Hundreds died in Darfur attack
The UN human rights chief said yesterday "several hundred" civilians - far more than first thought - may have died in late August attacks by militias in the south of Sudan's violent Darfur region. The Office of the High Commissioner for Human Rights...
The UN human rights chief said yesterday "several hundred" civilians - far more than first thought - may have died in late August attacks by militias in the south of Sudan's violent Darfur region.
The Office of the High Commissioner for Human Rights (OHCHR), Louise Arbour, said the attacks appeared to have been carried out with the "knowledge and material support" of the government.
"The attacks... were massive in scale, involving a large number of villages, and were carried out over only a few days. Government knowledge, if not complicity, in the attacks is almost certain," the OHCHR said in a report.
"The (OHCHR)... is urging the government of Sudan to order an independent investigation into recent militia attacks that may have left hundreds of civilians dead in south Darfur," it said in an accompanying statement.
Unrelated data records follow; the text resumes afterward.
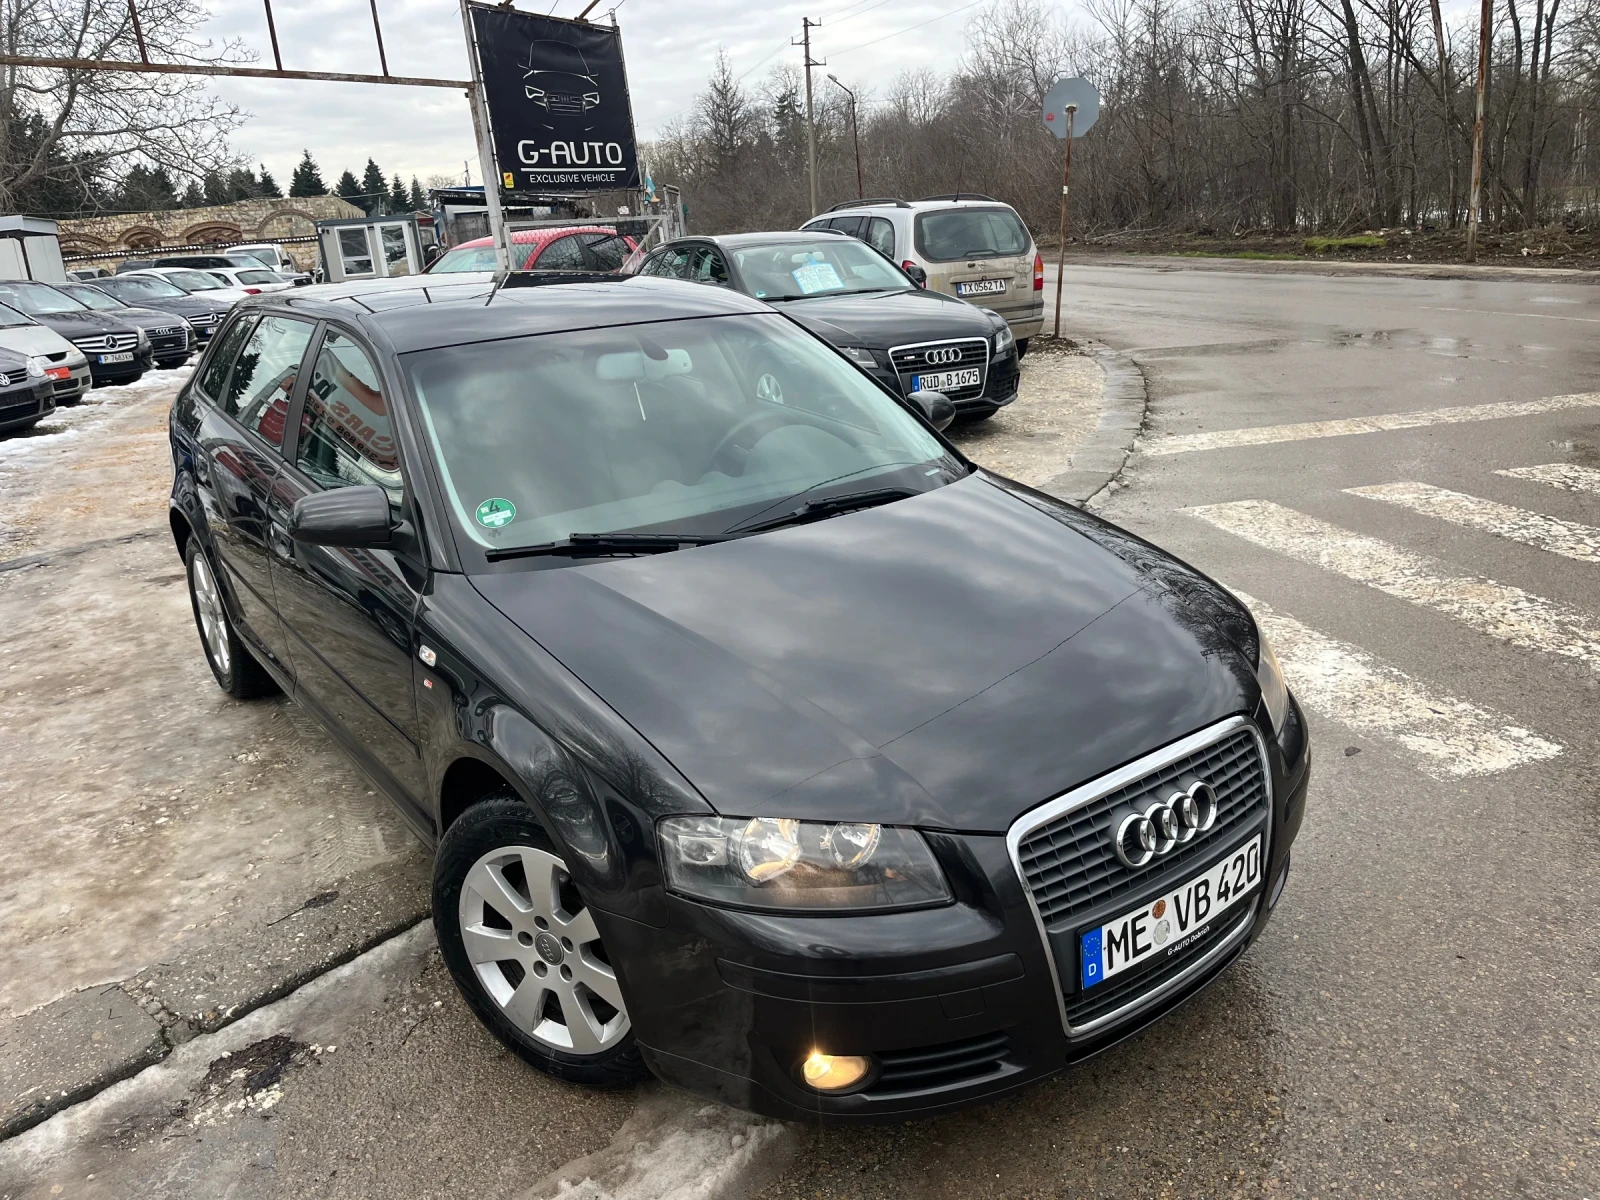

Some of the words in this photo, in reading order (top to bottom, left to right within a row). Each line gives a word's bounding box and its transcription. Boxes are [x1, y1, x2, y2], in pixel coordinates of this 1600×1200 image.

[517, 140, 623, 164] G-AUTO
[529, 174, 580, 183] EXCLUSIVE
[581, 173, 616, 182] VEHICLE
[955, 370, 979, 385] 1675
[489, 500, 500, 512] 4
[1107, 911, 1152, 970] ME
[1174, 878, 1211, 932] VB
[1217, 842, 1258, 903] 420
[1167, 938, 1190, 955] G-AUTO
[1088, 963, 1097, 977] D
Early last month the High Commissioner's office put the possible death toll from raids near Buram at 38. Many of the 10,000 people in the 45 villages targeted in the attacks, which began on August 28 and lasted into September, were forced to flee.
But it revised the toll in its latest report on the situation in Darfur, drawn up together with the United Nations Assistance Mission in Sudan, and based on interviews with survivors of the attacks and other sources.
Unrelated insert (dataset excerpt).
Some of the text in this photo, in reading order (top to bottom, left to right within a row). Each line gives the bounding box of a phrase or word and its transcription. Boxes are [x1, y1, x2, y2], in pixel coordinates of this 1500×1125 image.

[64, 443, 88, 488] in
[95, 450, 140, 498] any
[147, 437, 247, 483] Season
"The large-scale assaults resulted in chaotic displacement, widespread separation of families and scores of missing children," the report said. "Most of the villages attacked were under government control," it added.
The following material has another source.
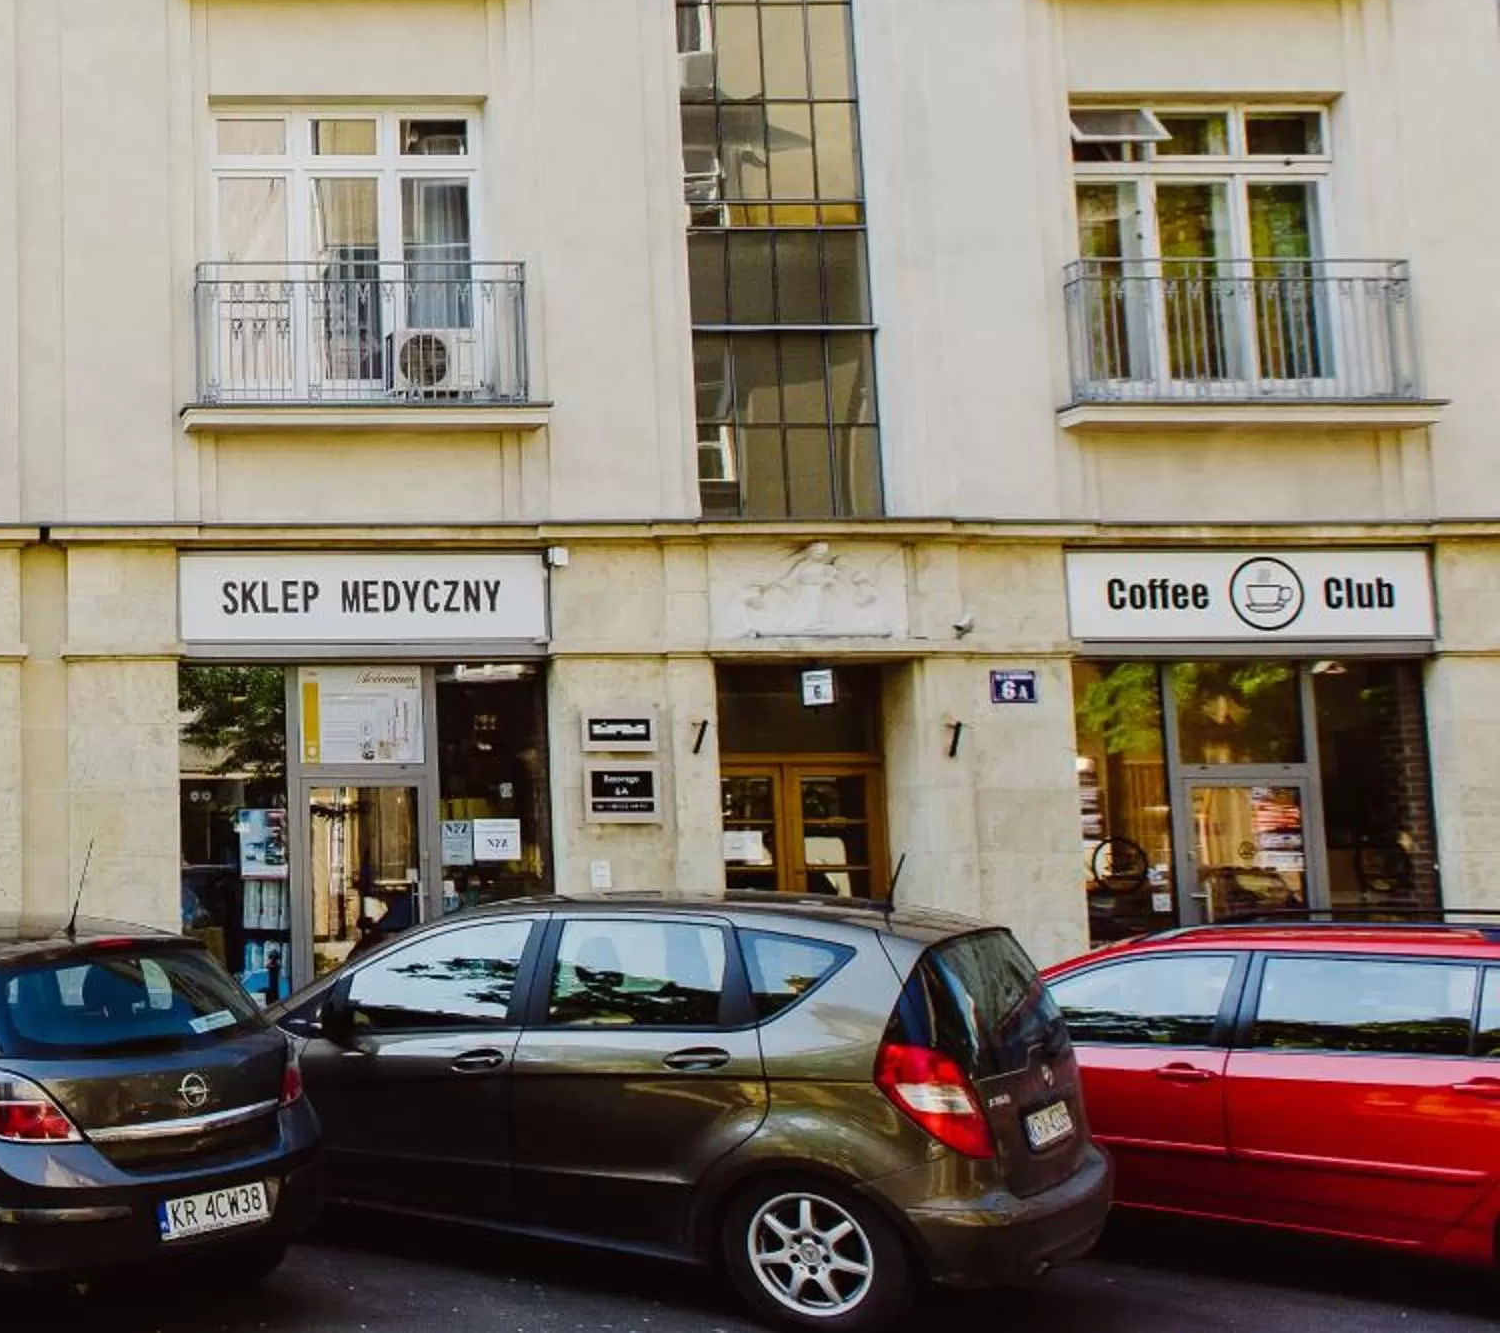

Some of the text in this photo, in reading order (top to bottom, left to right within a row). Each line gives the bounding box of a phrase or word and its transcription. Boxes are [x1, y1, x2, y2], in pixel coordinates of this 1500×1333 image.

[221, 579, 501, 615] SKLEP MEDYCZNY
[1106, 577, 1396, 610] Coffee Club
[1001, 679, 1030, 700] 6A
[170, 1186, 262, 1228] KR 4CW38
Sudan's Justice Minister Mohamed Ali al-Mardi said Arbour's office were not using reliable sources, adding that the government did not back one side against another in Darfur.
"The sources... are not reliable and they have become very ready to accept whatever is said to them," he said. "They declare what they have heard and after some time it turns out to be not true," he added.
Violence in Darfur has taken tens of thousands of lives since 2003 and more than two million people have been driven from their homes after a simmering ethnic conflict between nomadic Arab tribes and mostly non-Arabs erupted into war.